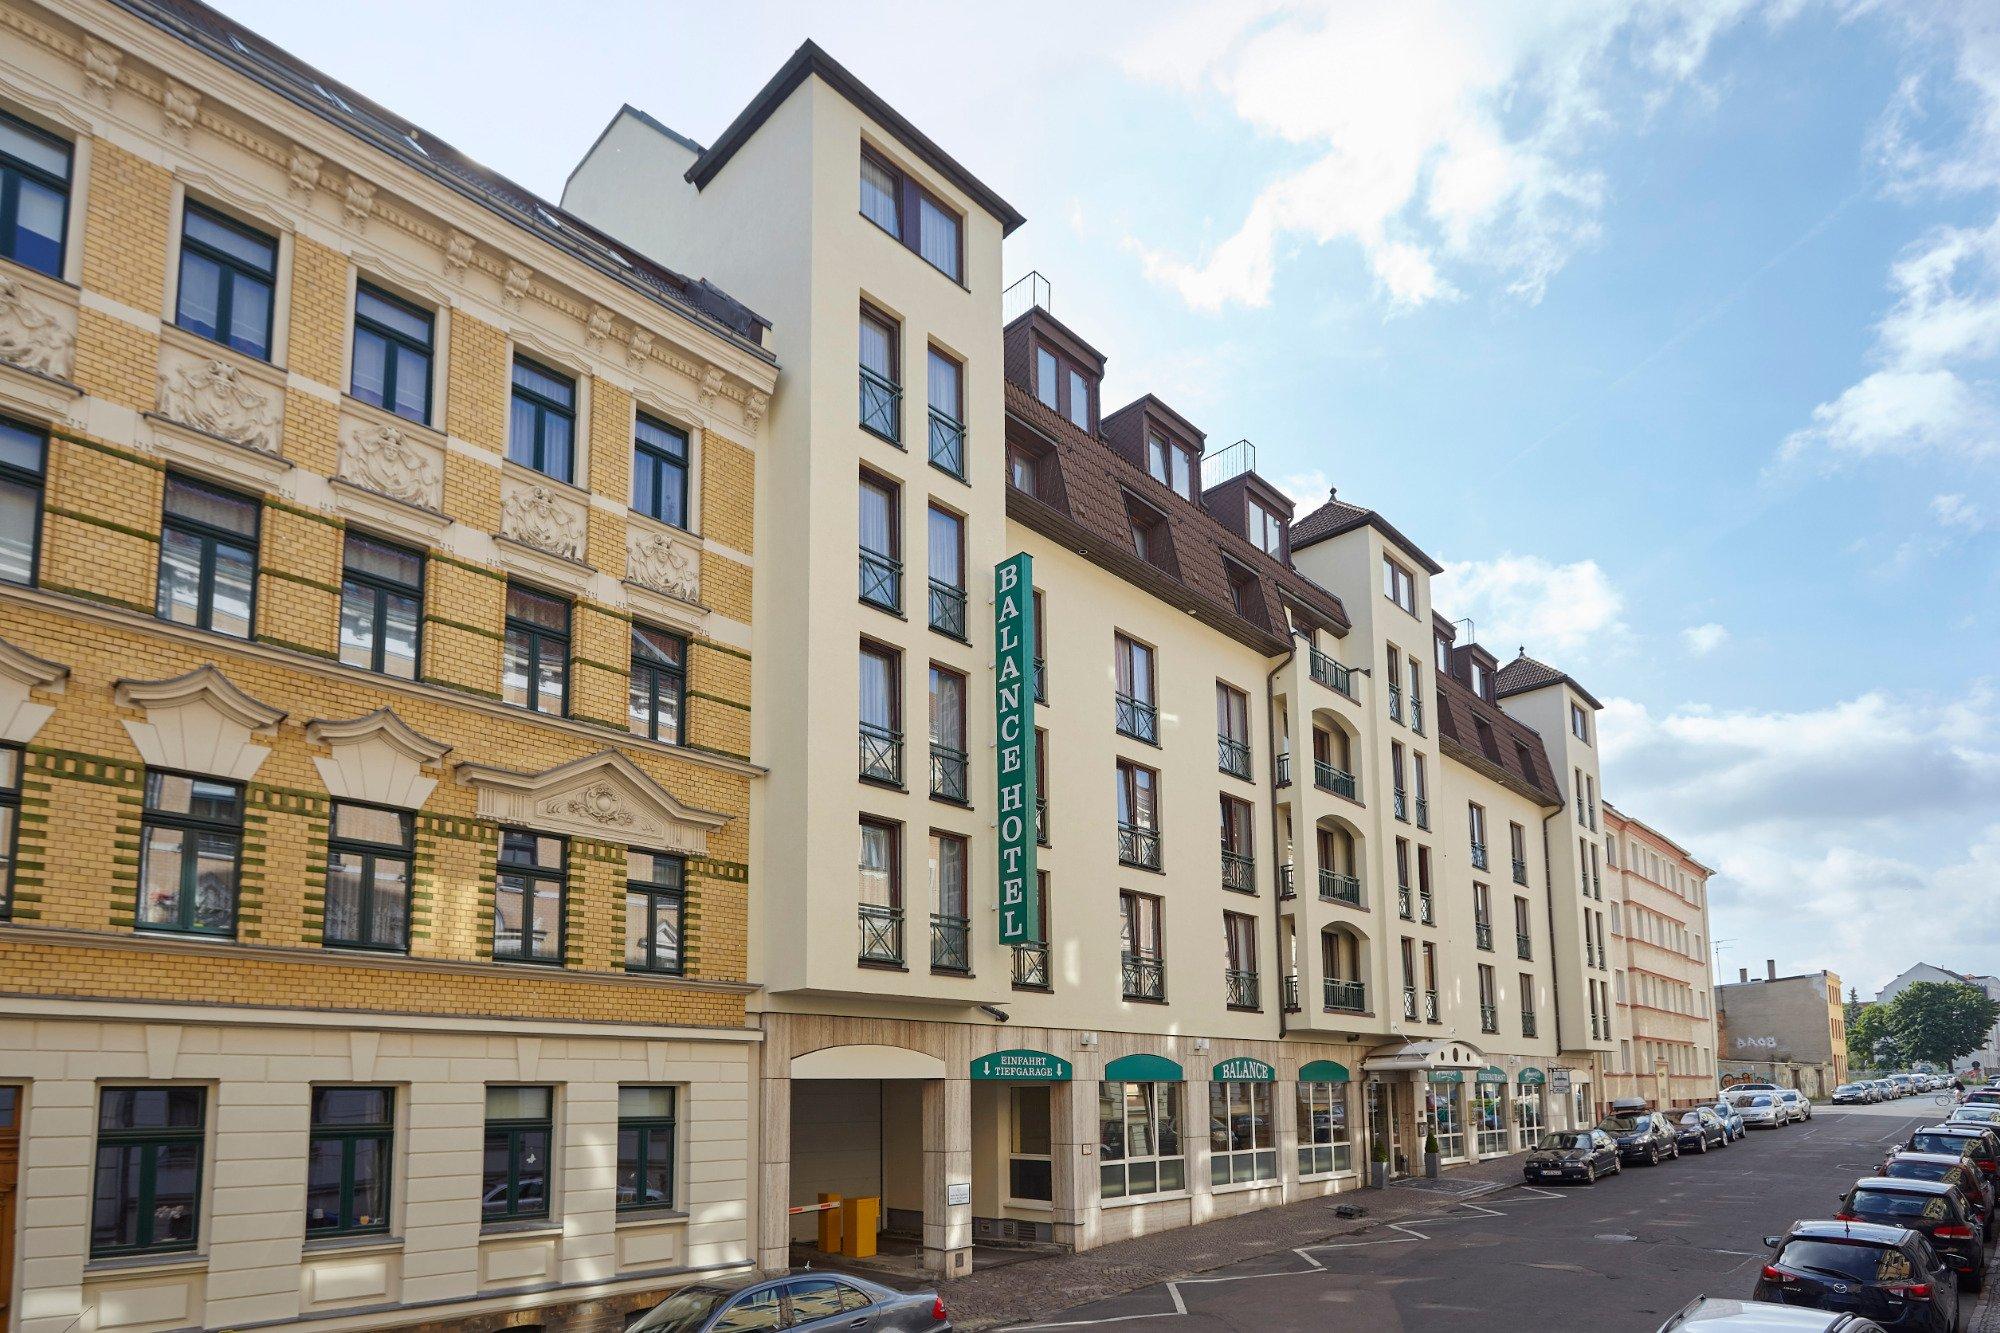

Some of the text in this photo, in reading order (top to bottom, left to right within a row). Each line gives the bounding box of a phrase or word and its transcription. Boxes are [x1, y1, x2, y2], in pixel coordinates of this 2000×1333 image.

[998, 564, 1023, 937] BALANCE HOTEL
[1001, 1056, 1046, 1066] EINFAHRT
[995, 1067, 1053, 1077] TIEFGARAGE
[1222, 1061, 1268, 1079] BALANCE
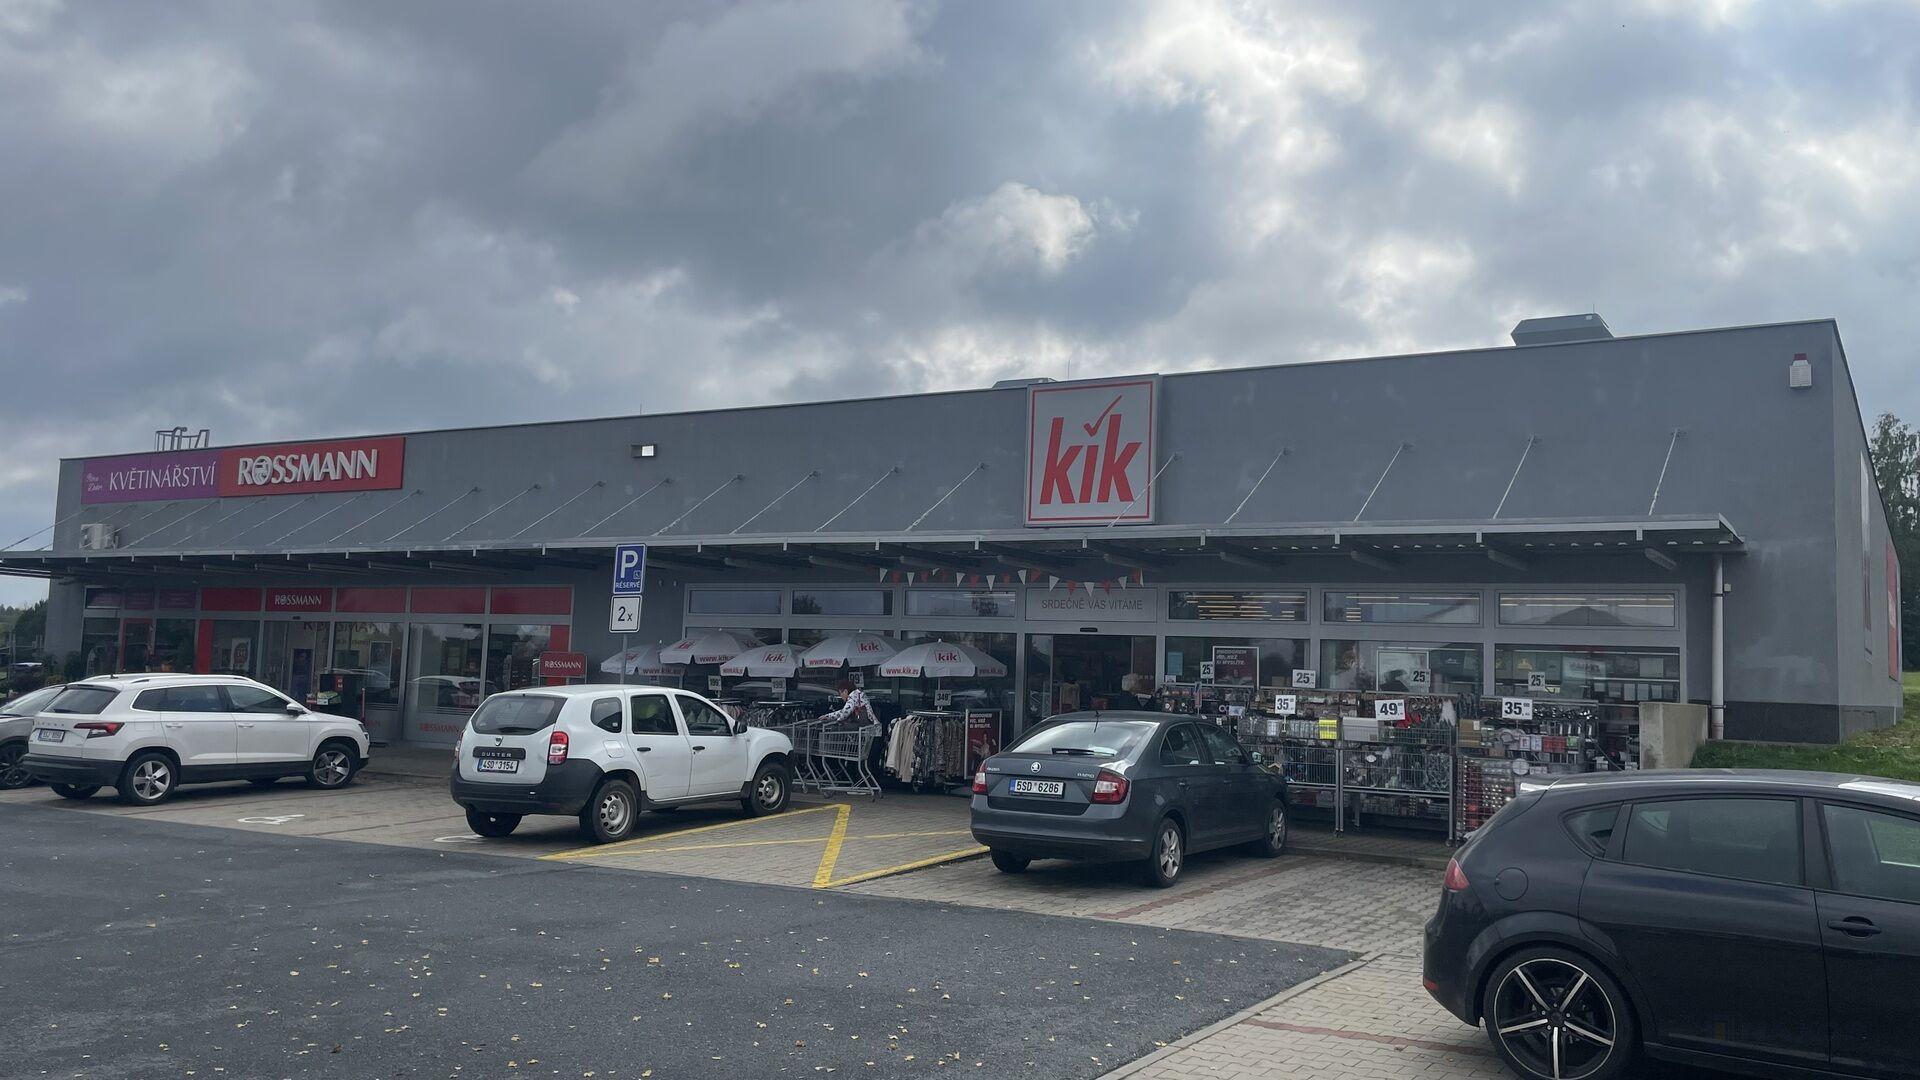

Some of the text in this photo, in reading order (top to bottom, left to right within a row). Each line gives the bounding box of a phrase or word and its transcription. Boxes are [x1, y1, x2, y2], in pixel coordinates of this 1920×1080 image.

[1040, 395, 1142, 504] kik
[238, 449, 378, 485] ROSSMANN
[109, 461, 216, 491] KVĚTINÁŘSTVÍ
[620, 550, 639, 578] P
[615, 581, 641, 589] RÉSERVÉ
[274, 595, 321, 605] ROSSMANN
[1041, 597, 1143, 610] SRDEČNĚ VÁS VÍTÁME
[860, 642, 880, 652] kik
[764, 653, 785, 663] kik
[937, 652, 958, 662] kik
[544, 660, 582, 669] ROSSMANN
[1296, 672, 1310, 684] 25
[1413, 671, 1426, 682] 25
[1531, 675, 1541, 687] 25
[1277, 698, 1289, 710] 35
[1380, 703, 1398, 715] 49
[1505, 702, 1523, 715] 35
[498, 761, 514, 770] 3154
[1016, 781, 1059, 793] 5SD 6286

### Requirement
After removing the pictures, restate the whole listing above word for word.

### Output of the task
Some of the text in this photo, in reading order (top to bottom, left to right within a row). Each line gives the bounding box of a phrase or word and its transcription. Boxes are [x1, y1, x2, y2], in pixel coordinates of this 2000×1333 image.

[998, 564, 1023, 937] BALANCE HOTEL
[1001, 1056, 1046, 1066] EINFAHRT
[995, 1067, 1053, 1077] TIEFGARAGE
[1222, 1061, 1268, 1079] BALANCE

Some of the text in this photo, in reading order (top to bottom, left to right within a row). Each line gives the bounding box of a phrase or word and its transcription. Boxes are [x1, y1, x2, y2], in pixel coordinates of this 1920×1080 image.

[1040, 395, 1142, 504] kik
[238, 449, 378, 485] ROSSMANN
[109, 461, 216, 491] KVĚTINÁŘSTVÍ
[620, 550, 639, 578] P
[615, 581, 641, 589] RÉSERVÉ
[274, 595, 321, 605] ROSSMANN
[1041, 597, 1143, 610] SRDEČNĚ VÁS VÍTÁME
[860, 642, 880, 652] kik
[764, 653, 785, 663] kik
[937, 652, 958, 662] kik
[544, 660, 582, 669] ROSSMANN
[1296, 672, 1310, 684] 25
[1413, 671, 1426, 682] 25
[1531, 675, 1541, 687] 25
[1277, 698, 1289, 710] 35
[1380, 703, 1398, 715] 49
[1505, 702, 1523, 715] 35
[498, 761, 514, 770] 3154
[1016, 781, 1059, 793] 5SD 6286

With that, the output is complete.